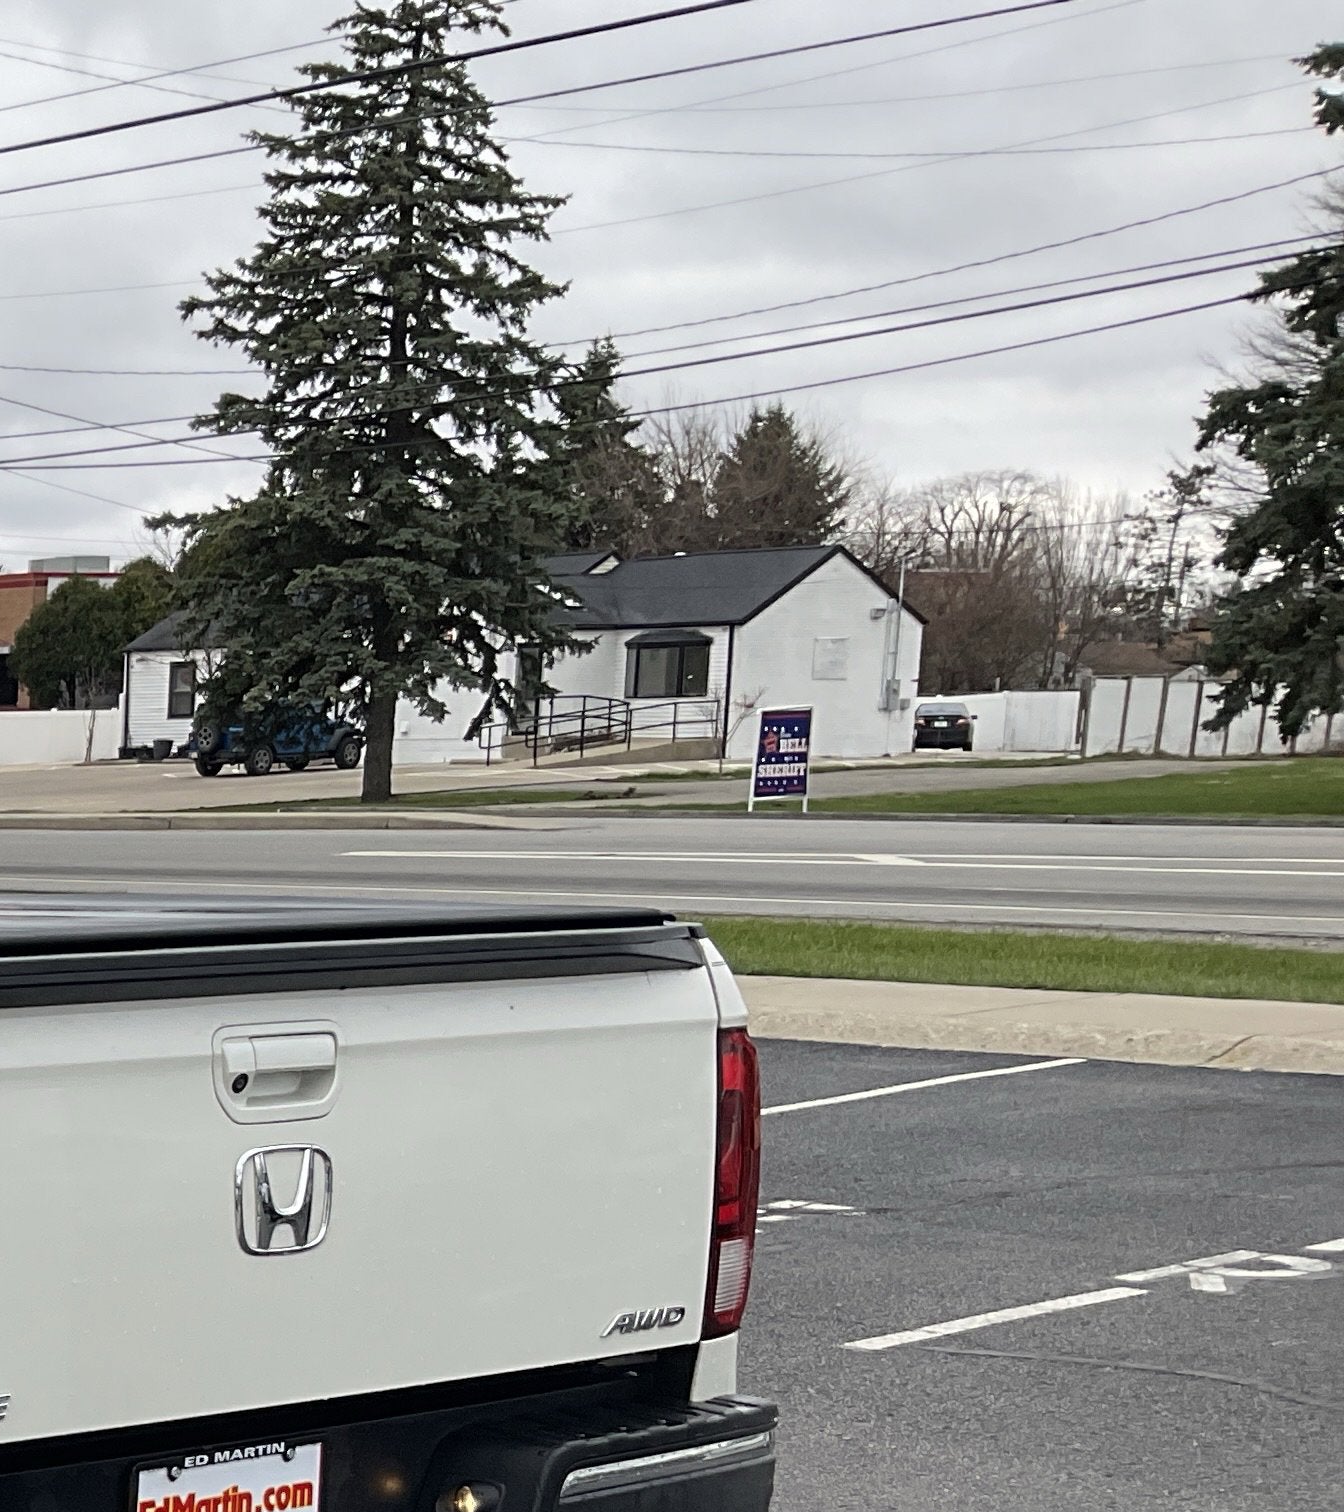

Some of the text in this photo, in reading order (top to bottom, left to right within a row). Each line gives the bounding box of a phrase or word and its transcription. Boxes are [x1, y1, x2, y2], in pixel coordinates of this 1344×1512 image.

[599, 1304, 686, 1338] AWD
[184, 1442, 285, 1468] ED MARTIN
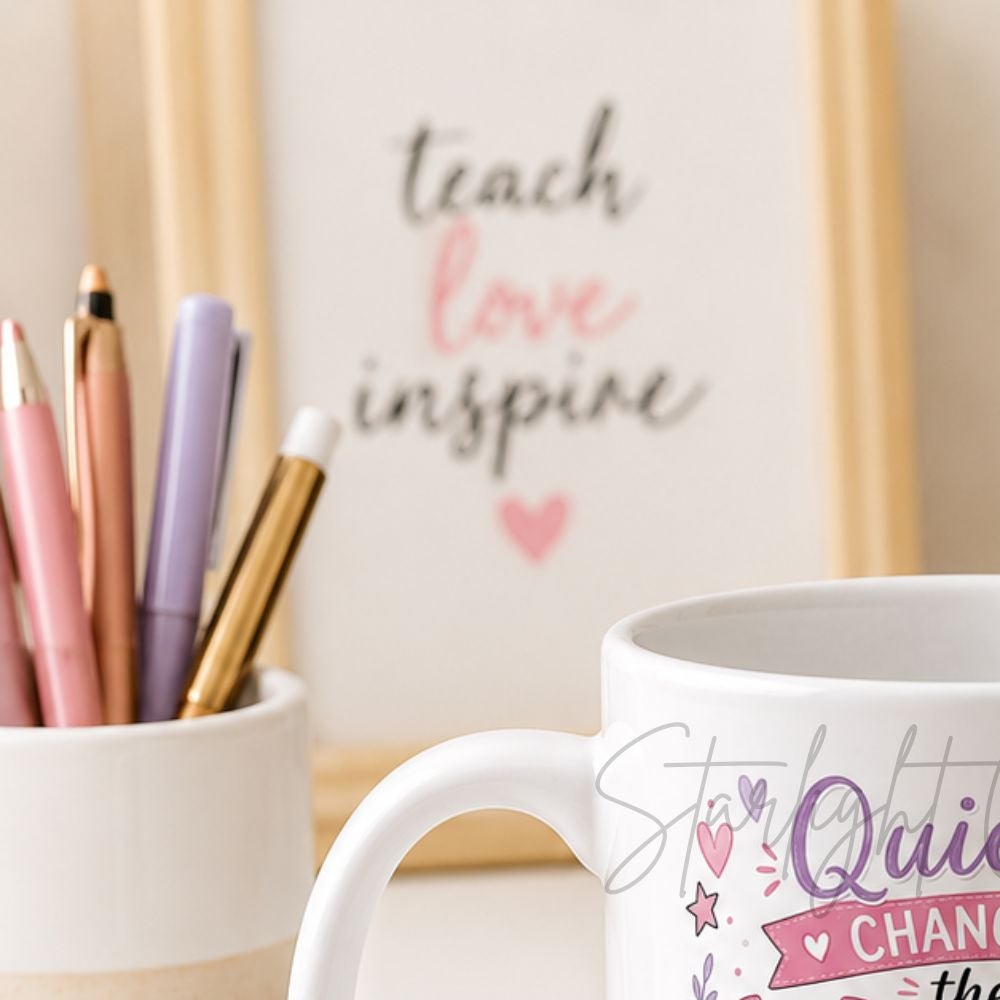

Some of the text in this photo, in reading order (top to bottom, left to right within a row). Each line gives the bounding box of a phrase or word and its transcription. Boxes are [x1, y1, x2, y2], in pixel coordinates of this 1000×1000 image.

==

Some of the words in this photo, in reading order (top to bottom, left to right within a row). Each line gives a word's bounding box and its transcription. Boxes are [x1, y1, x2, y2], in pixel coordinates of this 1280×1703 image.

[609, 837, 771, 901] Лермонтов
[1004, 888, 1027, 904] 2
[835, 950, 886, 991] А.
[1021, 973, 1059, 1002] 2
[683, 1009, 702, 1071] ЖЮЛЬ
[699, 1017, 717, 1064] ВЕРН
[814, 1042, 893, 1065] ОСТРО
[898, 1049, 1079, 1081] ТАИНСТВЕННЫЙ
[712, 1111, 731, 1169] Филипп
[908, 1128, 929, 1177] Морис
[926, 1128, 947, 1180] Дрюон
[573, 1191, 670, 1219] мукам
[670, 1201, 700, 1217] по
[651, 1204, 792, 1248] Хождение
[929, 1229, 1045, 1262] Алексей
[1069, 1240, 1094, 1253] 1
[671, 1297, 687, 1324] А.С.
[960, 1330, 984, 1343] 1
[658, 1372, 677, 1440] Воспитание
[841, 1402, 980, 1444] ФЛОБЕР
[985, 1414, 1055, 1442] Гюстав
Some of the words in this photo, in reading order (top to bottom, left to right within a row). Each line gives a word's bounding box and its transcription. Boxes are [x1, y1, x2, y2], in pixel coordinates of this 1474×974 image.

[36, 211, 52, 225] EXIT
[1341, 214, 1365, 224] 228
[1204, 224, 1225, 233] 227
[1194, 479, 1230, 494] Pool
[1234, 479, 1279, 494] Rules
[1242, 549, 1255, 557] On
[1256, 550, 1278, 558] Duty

- Goal of the exercise
The result should be an exact copy of only the lines above from the one that holds "this 1344×1512 image." through the one that holds "this 1000×1000 image.", both ends included, without pictures.

- Result for this task
Some of the text in this photo, in reading order (top to bottom, left to right within a row). Each line gives the bounding box of a phrase or word and its transcription. Boxes are [x1, y1, x2, y2], in pixel coordinates of this 1344×1512 image.

[599, 1304, 686, 1338] AWD
[184, 1442, 285, 1468] ED MARTIN

Some of the text in this photo, in reading order (top to bottom, left to right within a row). Each line gives the bounding box of a phrase or word and its transcription. Boxes are [x1, y1, x2, y2], in pixel coordinates of this 1000×1000 image.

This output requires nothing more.